Eight children resulted from the marriage of Andrew J. and Frances Evans, as follows: Tennie, wife of W. Milholland, of Wise county; Martha, who married V. W. Cowart and resides in Johnson county; John S., our subject; James, of Cheyenne, Oklahoma; Simson, of Wise county; William, of Davidson, Oklahoma; David, of Wise county; and George, who makes Scurry county, Texas, his home.

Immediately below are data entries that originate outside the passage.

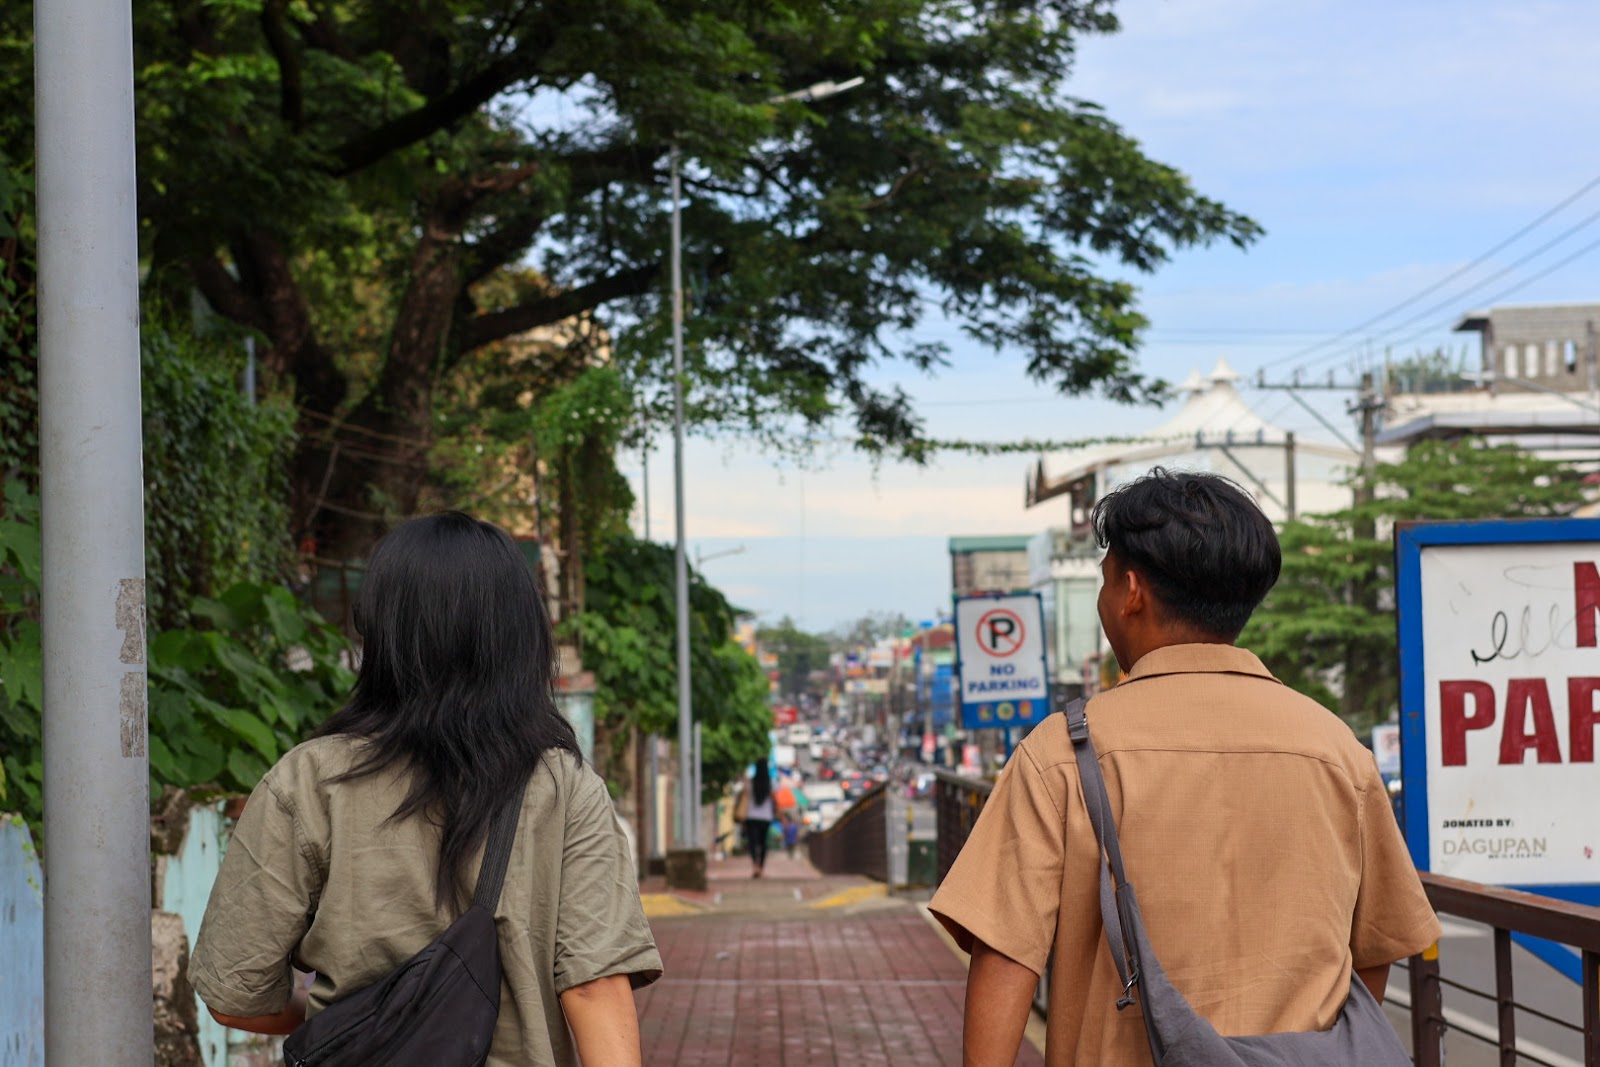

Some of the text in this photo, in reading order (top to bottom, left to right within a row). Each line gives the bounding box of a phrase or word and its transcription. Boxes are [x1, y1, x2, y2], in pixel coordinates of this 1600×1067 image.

[989, 617, 1015, 648] P
[990, 664, 1015, 675] NO
[968, 677, 1039, 692] PARKING
[1443, 818, 1493, 828] DONATED
[1442, 837, 1547, 855] DAGUPAN

At about fifteen years of age John S. Evans accompanied his parents to Texas. His was a country life in youth and the district school was responsible for his limited education. When he started out for himself, after attaining his majority, he rented land four miles north of Crafton and began its cultivation with a tem for which he owed the purchase money. He continued farming with some degree of success until 1891, when he met an opportunity to go into the gin business, and he arranged for a half interest in the old Prugle gin. The four years he was interested in this plant he made some financial progress in the plant he made some financial progress and then sold his interest and put the “Red Gin,” on the Rock Island Railroad east of Crafton, in company with Lewis Combs and Kendrick. With this plant and firm he was associated profitably for five years and then disposed of his interest and bought he Crafton gin of R. L. Madden and took in Mr. Hunt as a partner. The plant has a value of five thousand dollars, is equipped with four seventy-saw stands, with a capacity of thirty bales a day, and during the season of 1904 eleven hundred bales of cotton passed out of their property.

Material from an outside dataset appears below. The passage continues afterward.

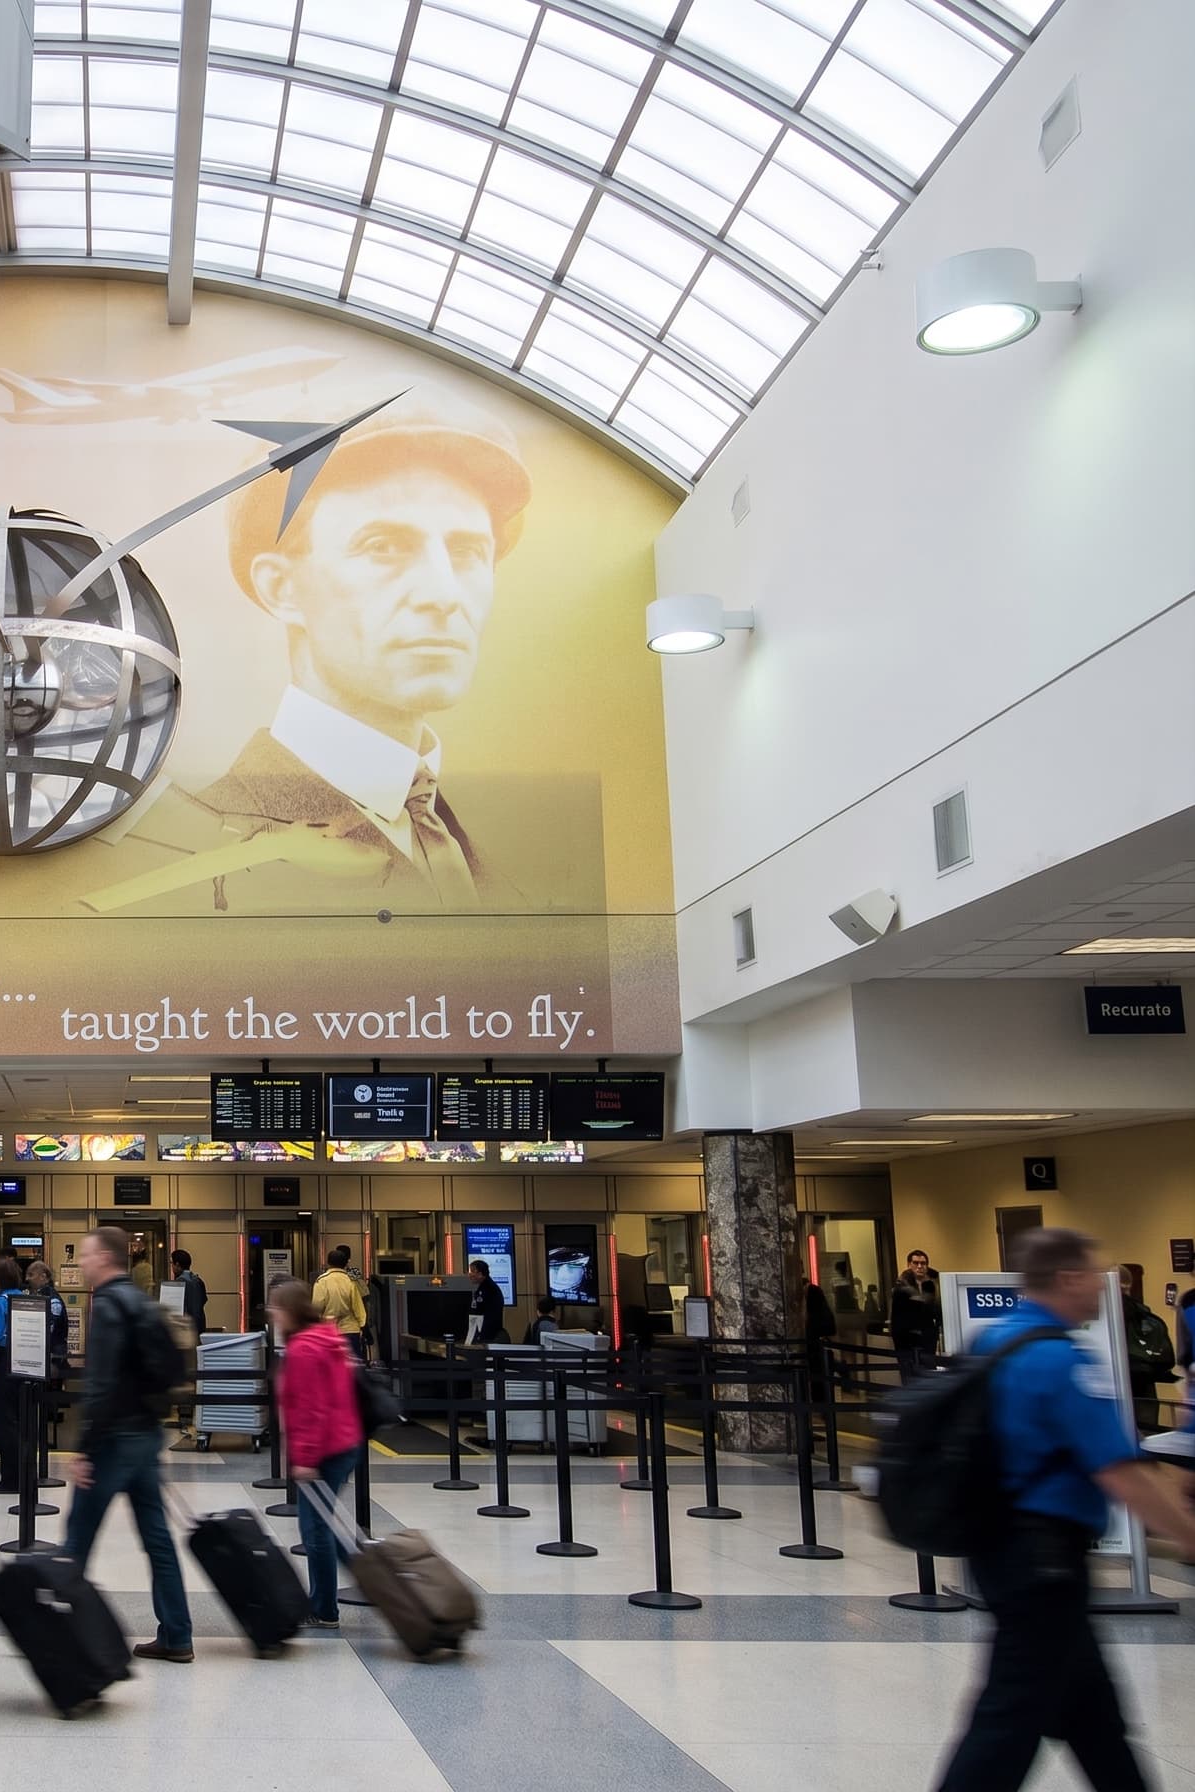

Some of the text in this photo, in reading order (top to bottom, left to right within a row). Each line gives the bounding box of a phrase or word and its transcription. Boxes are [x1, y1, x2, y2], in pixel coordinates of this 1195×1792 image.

[60, 993, 595, 1053] taught the world to fly.

August 18, 1886, John S. Evans and Miss Maggie Skaggs were united in marriage in Wise county. Mrs. Evans was a daughter of Berry Skaggs and Susan (Best) Skaggs, who came to Texas from Illinois. Mr. and Mrs. Skaggs live at Gainesville, Cooke county, and are the parents of: Mrs. Evans, born November 18, 1870; David, deceased; Mollie, who is unmarried and resides in Wise county; Lonnie, of Gainesville; Hattie, wife of Ed Riley of Paradise, and Retta, of Gainesville, Texas.
Mr. and Mrs. Evans’ children are four in number, namely: Jessie, Agnes, Gladys and Dallas. Mr. Evans maintains his political interests with the Democrats, but has not ambition for a public office. He believes in the efficacy of religion and has brought up his family in the doctrines of the Christian church.